Ко мне прибежала всполошенная Лариса Шепитько, снимающая фильм «Крылья» — очень красивая, с огромными серыми глазами, распахнутыми на сей раз еще шире: она поведала мне, что люди из «Лайфа» обсуждают кандидатуру режиссера на портретный снимок — Элем Климов или Владимир Наумов, в ком из них полнее воплощен русский тип лица?

Принимая во внимание, что Элем Климов — муж Ларисы, я успокоил ее и объяснил, что оба — парни бравые, оба хороши.

На следующий день предстояла парадная съемка в кабинете генерального директора студии, том самом, где стоял бехштейновский рояль и где была потайная комната отдыха.
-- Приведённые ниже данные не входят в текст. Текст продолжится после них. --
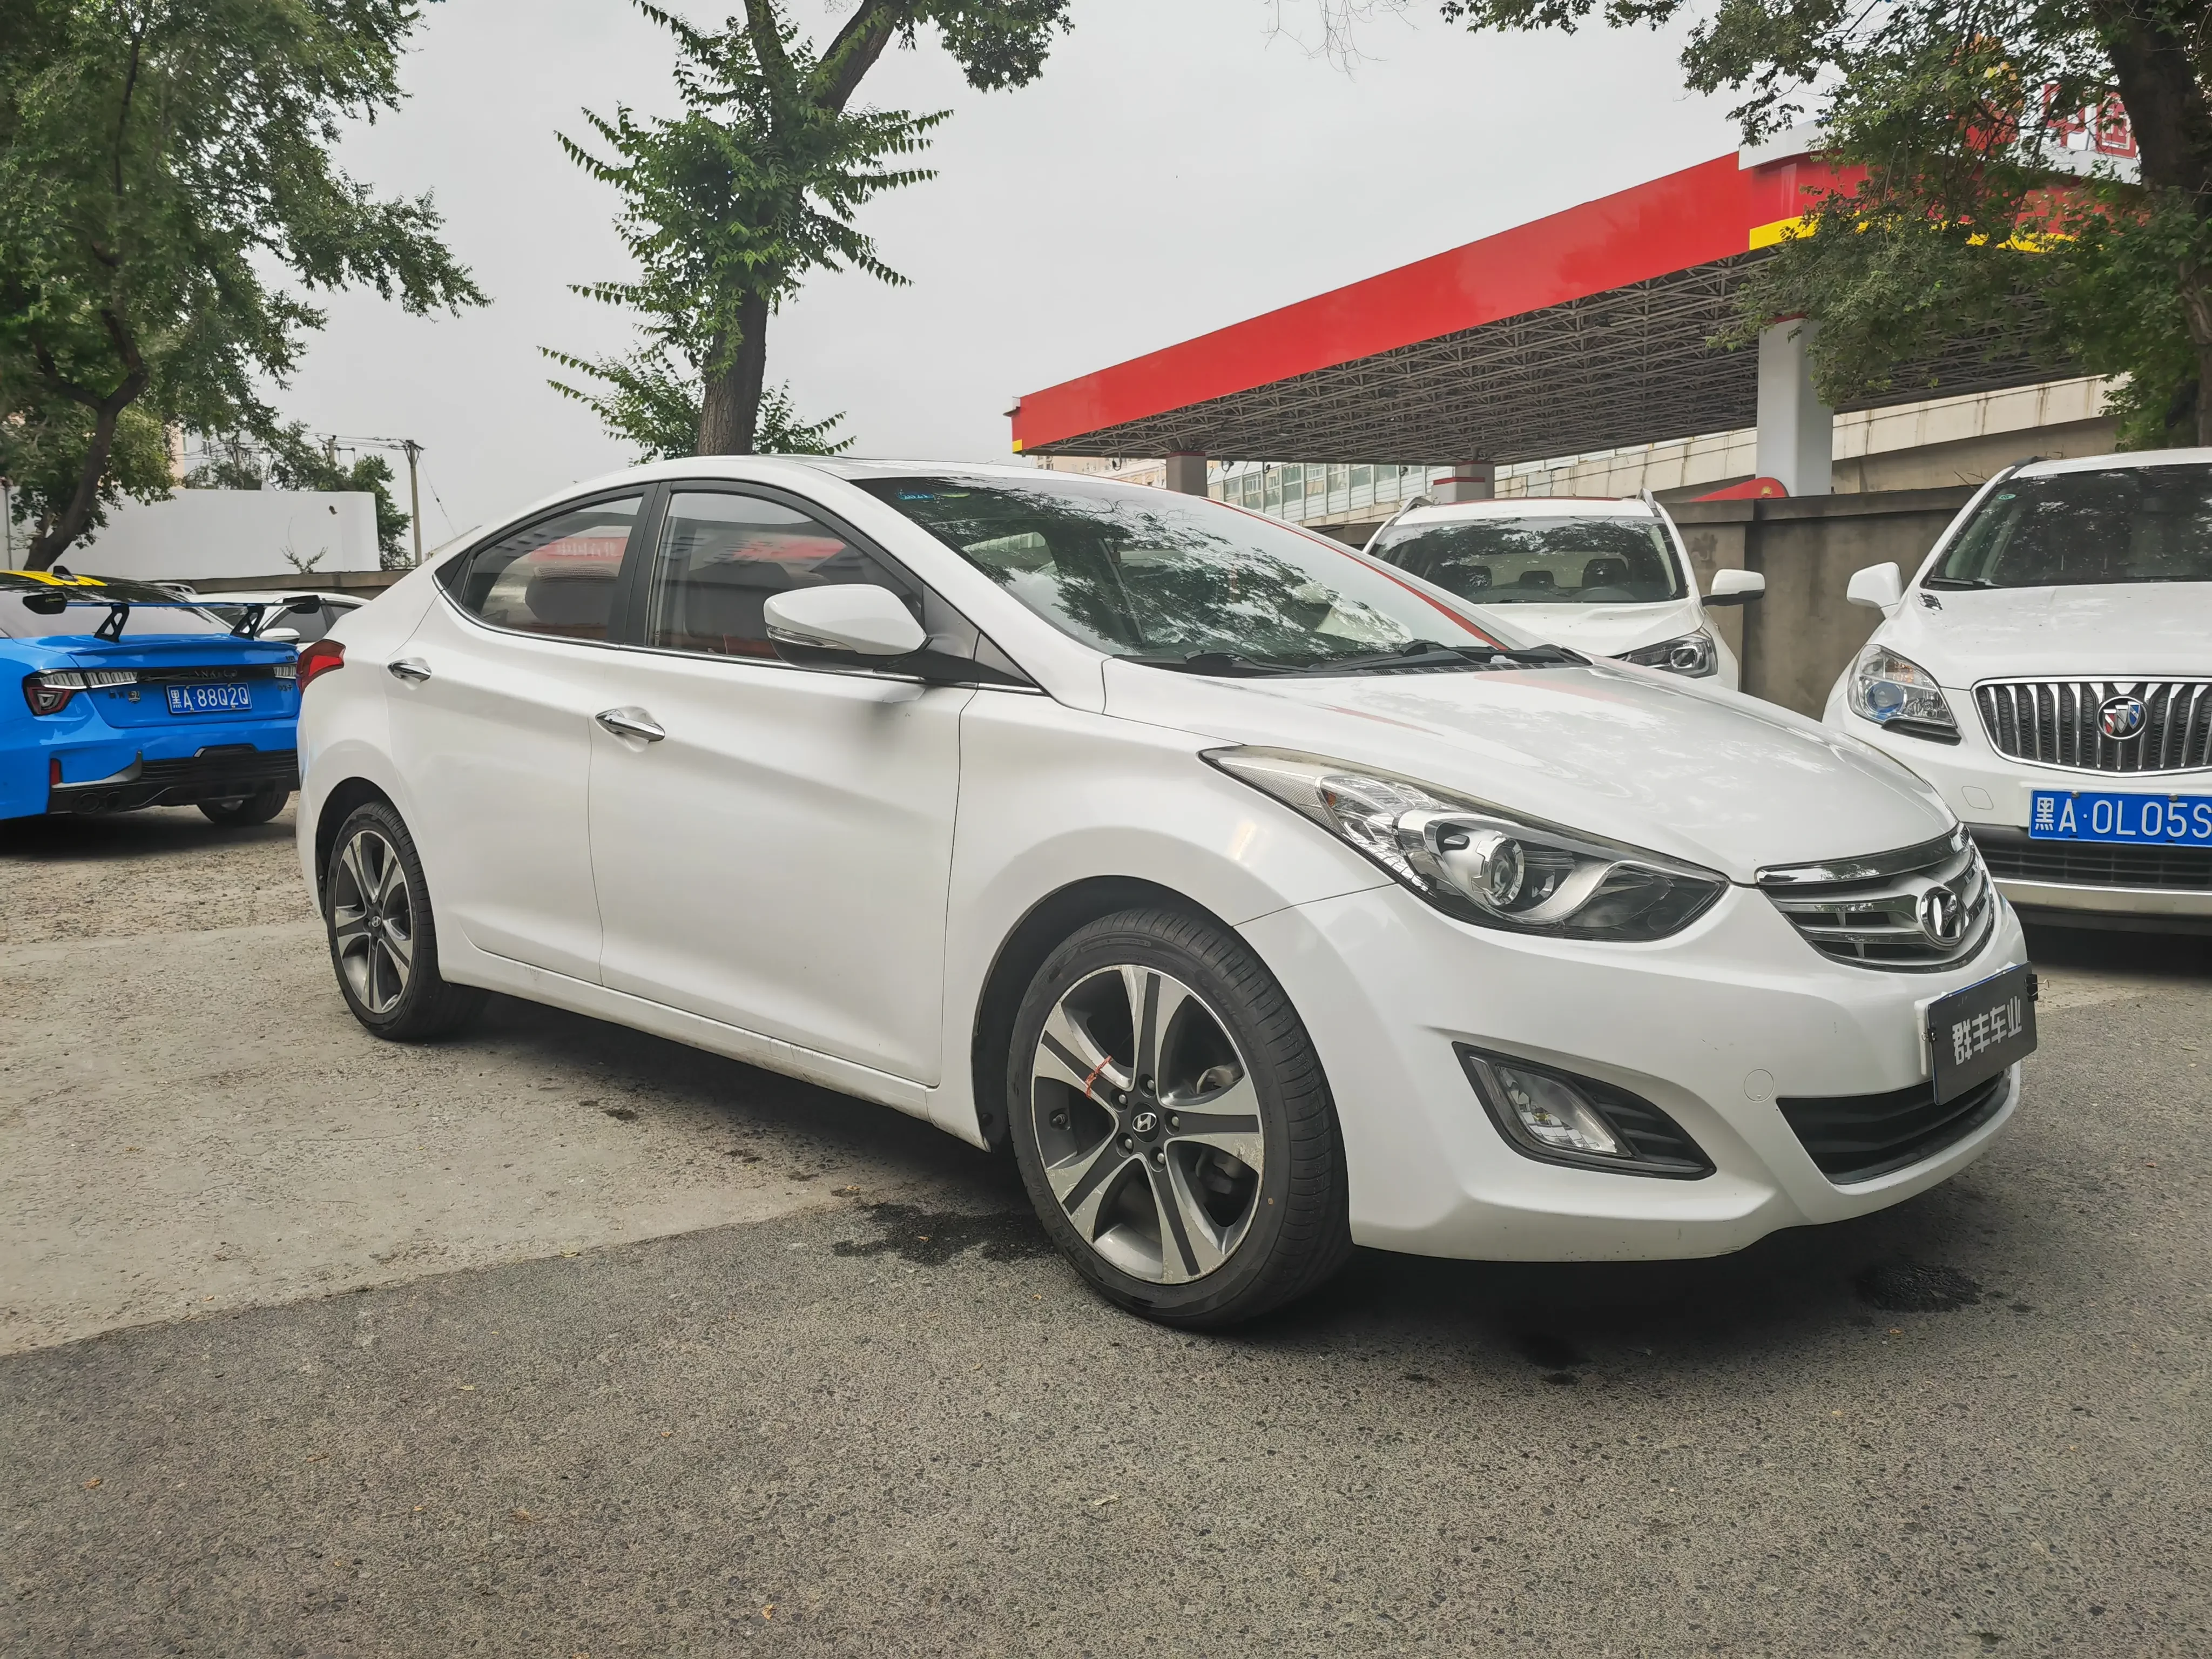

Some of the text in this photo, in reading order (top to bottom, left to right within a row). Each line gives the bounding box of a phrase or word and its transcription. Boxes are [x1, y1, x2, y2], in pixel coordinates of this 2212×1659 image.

Нас всех — когорту замов, главного редактора, главного инженера, худруков и директоров творческих объединений, членов художественного совета и прочее высокое начальство, — рассадили за длинным столом, крытым бильярдным сукном, а во главе стола сел сам Владимир Николаевич Сурин.

На это собрание была нацелена дюжина фотокамер на треногах, ослепительно ярких софитов. Людей за столом пересаживали то так, то эдак, тасовали, как карты в колоде, наконец сочли, что всё о'кэй, и лишь тогда защелкали затворы.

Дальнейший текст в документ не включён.